## DESCRIPTION OF THE TASK
Exact copies of the lines below are the goal; any images in them are dropped.

Top of MATERIAL PROVIDED

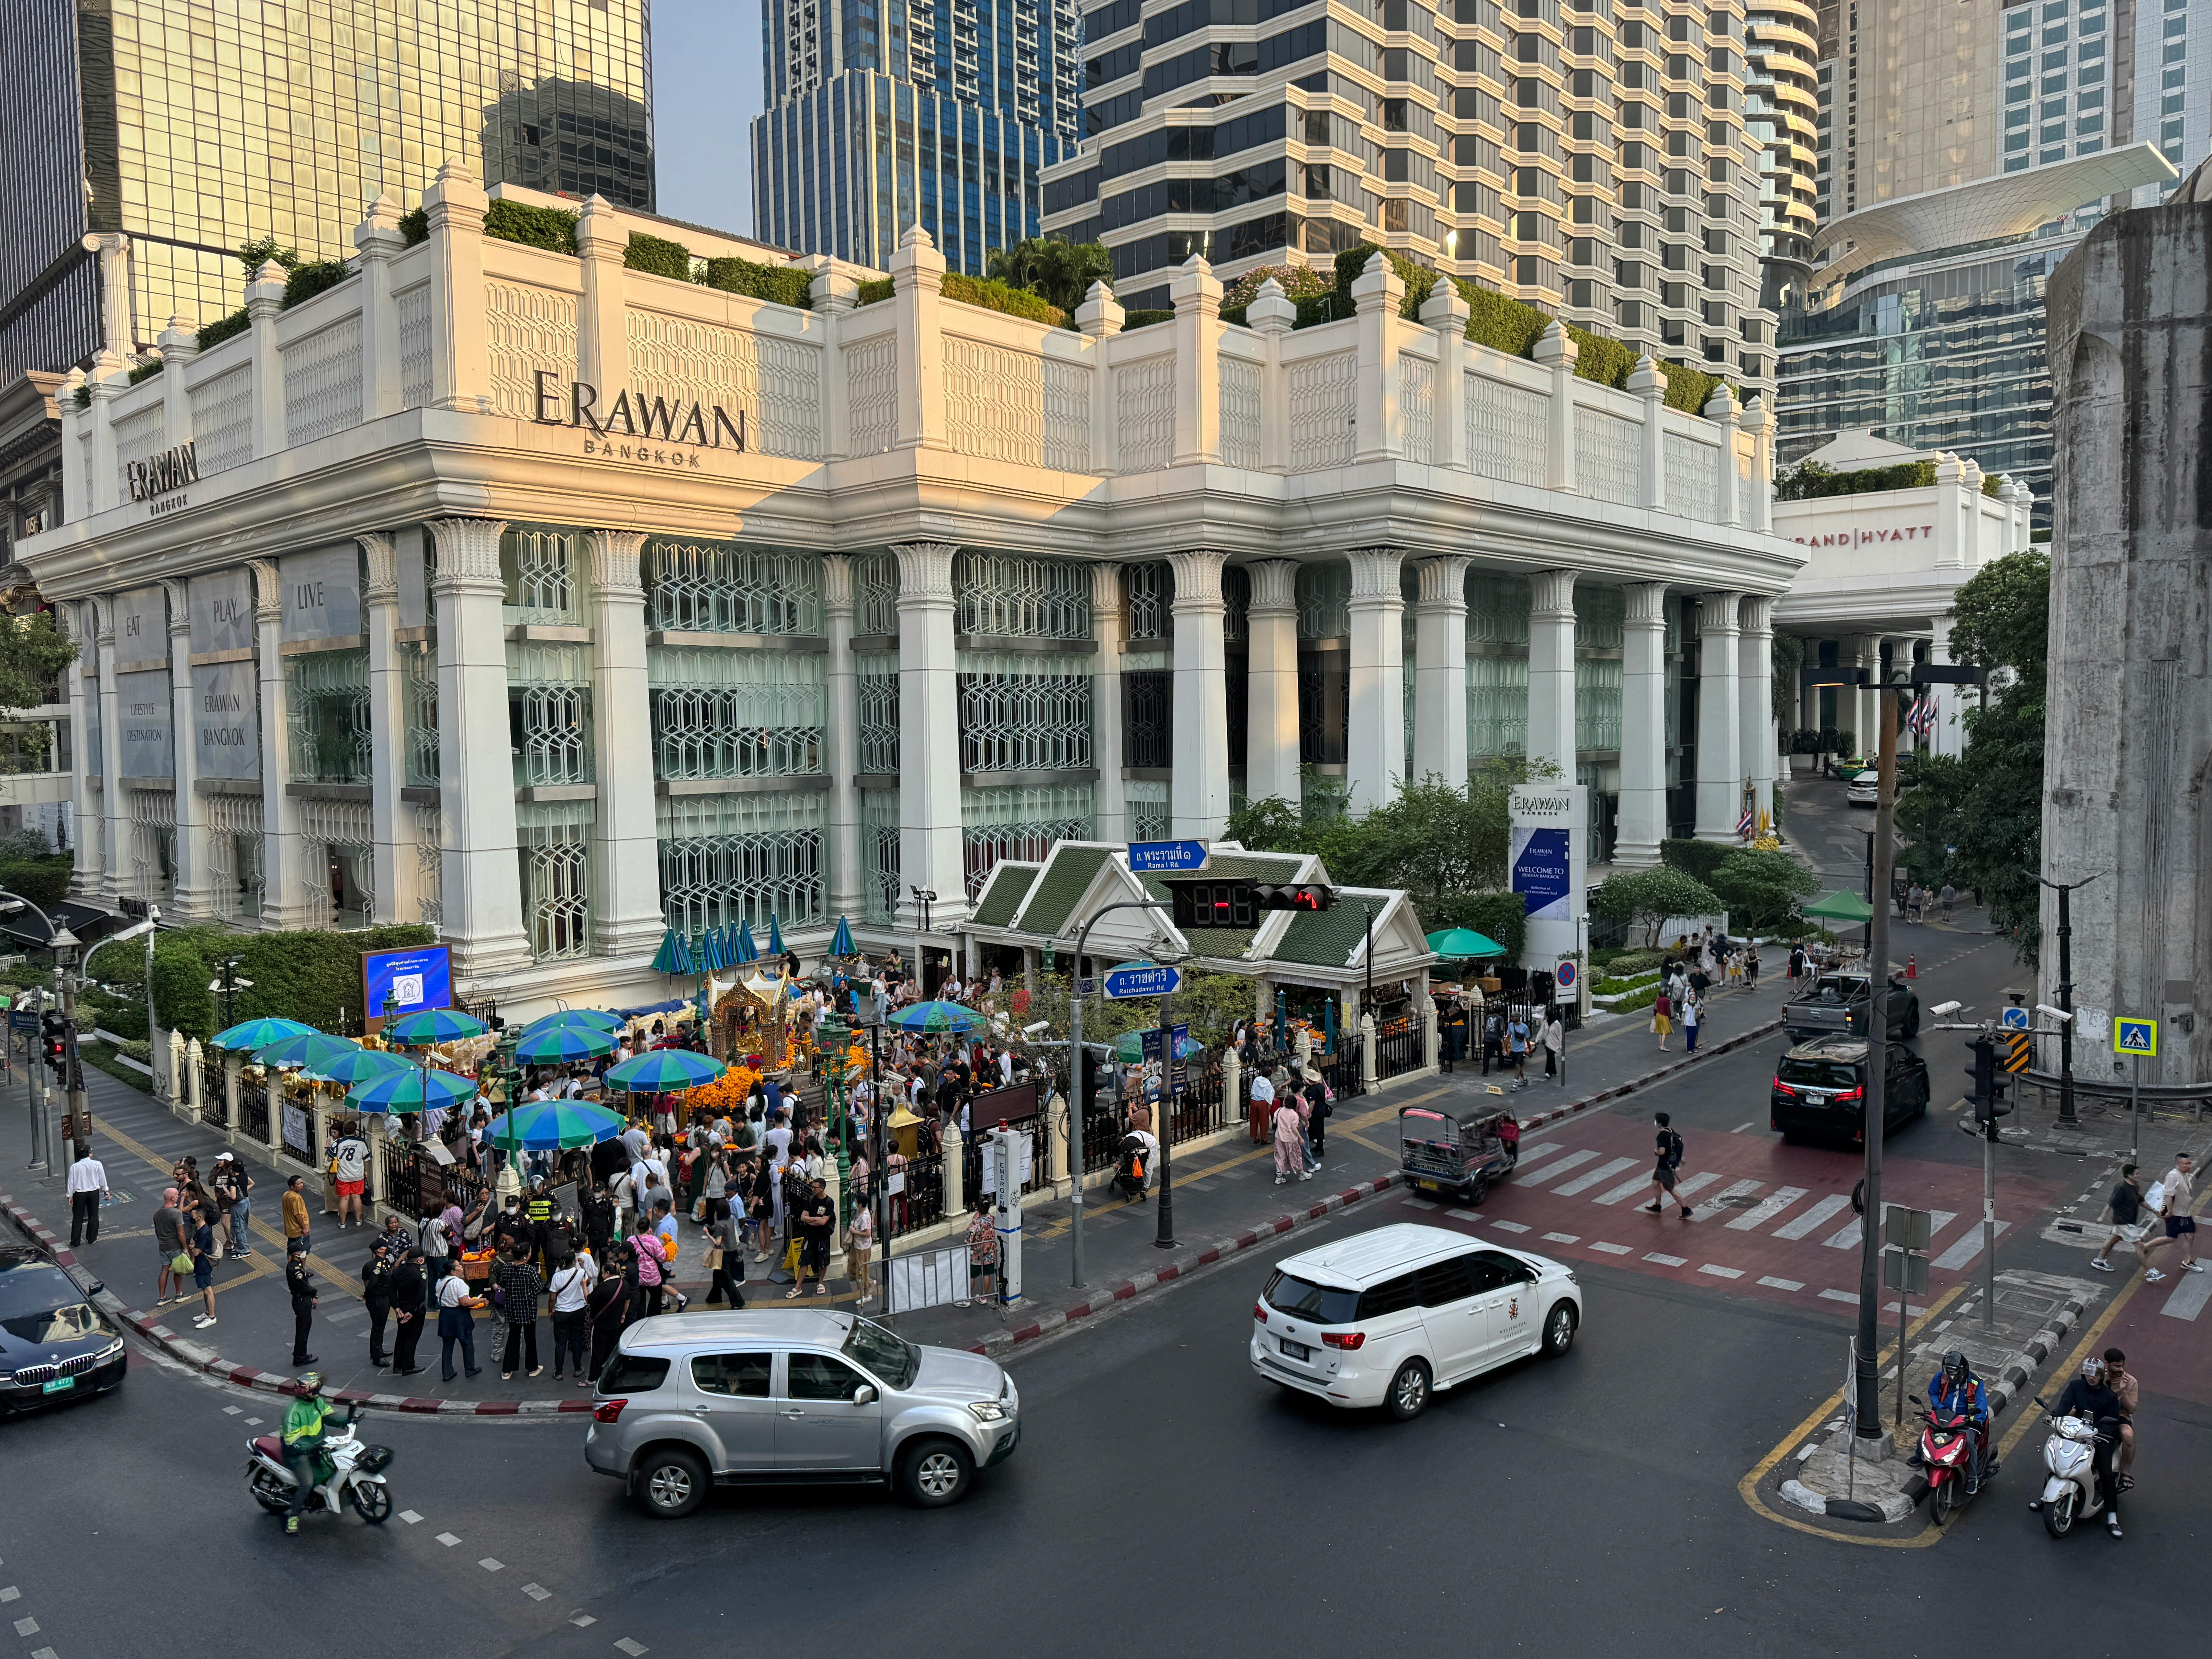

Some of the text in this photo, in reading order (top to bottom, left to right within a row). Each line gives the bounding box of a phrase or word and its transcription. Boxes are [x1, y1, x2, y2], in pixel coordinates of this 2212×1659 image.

[531, 370, 745, 452] ERAWAN
[584, 440, 700, 468] BANGKOK
[127, 442, 198, 501] ERAWAN
[150, 494, 188, 516] BANGKOK
[1787, 526, 1932, 548] RAND HYATT
[297, 582, 323, 610] LIVE
[213, 598, 238, 623] PLAY
[127, 615, 140, 637] EAT
[131, 702, 155, 716] LIFESTYLE
[204, 694, 240, 713] ERAWAN
[127, 729, 161, 742] DESTINATION
[204, 728, 245, 746] BANGKOK
[1513, 796, 1569, 811] ERAWAN
[1518, 866, 1553, 874] WELCOME
[1119, 986, 1154, 994] Ratchadamri
[339, 1147, 356, 1162] 78

Bottom of MATERIAL PROVIDED

## OUTPUT FOR THIS EXERCISE
Some of the text in this photo, in reading order (top to bottom, left to right within a row). Each line gives the bounding box of a phrase or word and its transcription. Boxes are [x1, y1, x2, y2], in pixel coordinates of this 2212×1659 image.

[531, 370, 745, 452] ERAWAN
[584, 440, 700, 468] BANGKOK
[127, 442, 198, 501] ERAWAN
[150, 494, 188, 516] BANGKOK
[1787, 526, 1932, 548] RAND HYATT
[297, 582, 323, 610] LIVE
[213, 598, 238, 623] PLAY
[127, 615, 140, 637] EAT
[131, 702, 155, 716] LIFESTYLE
[204, 694, 240, 713] ERAWAN
[127, 729, 161, 742] DESTINATION
[204, 728, 245, 746] BANGKOK
[1513, 796, 1569, 811] ERAWAN
[1518, 866, 1553, 874] WELCOME
[1119, 986, 1154, 994] Ratchadamri
[339, 1147, 356, 1162] 78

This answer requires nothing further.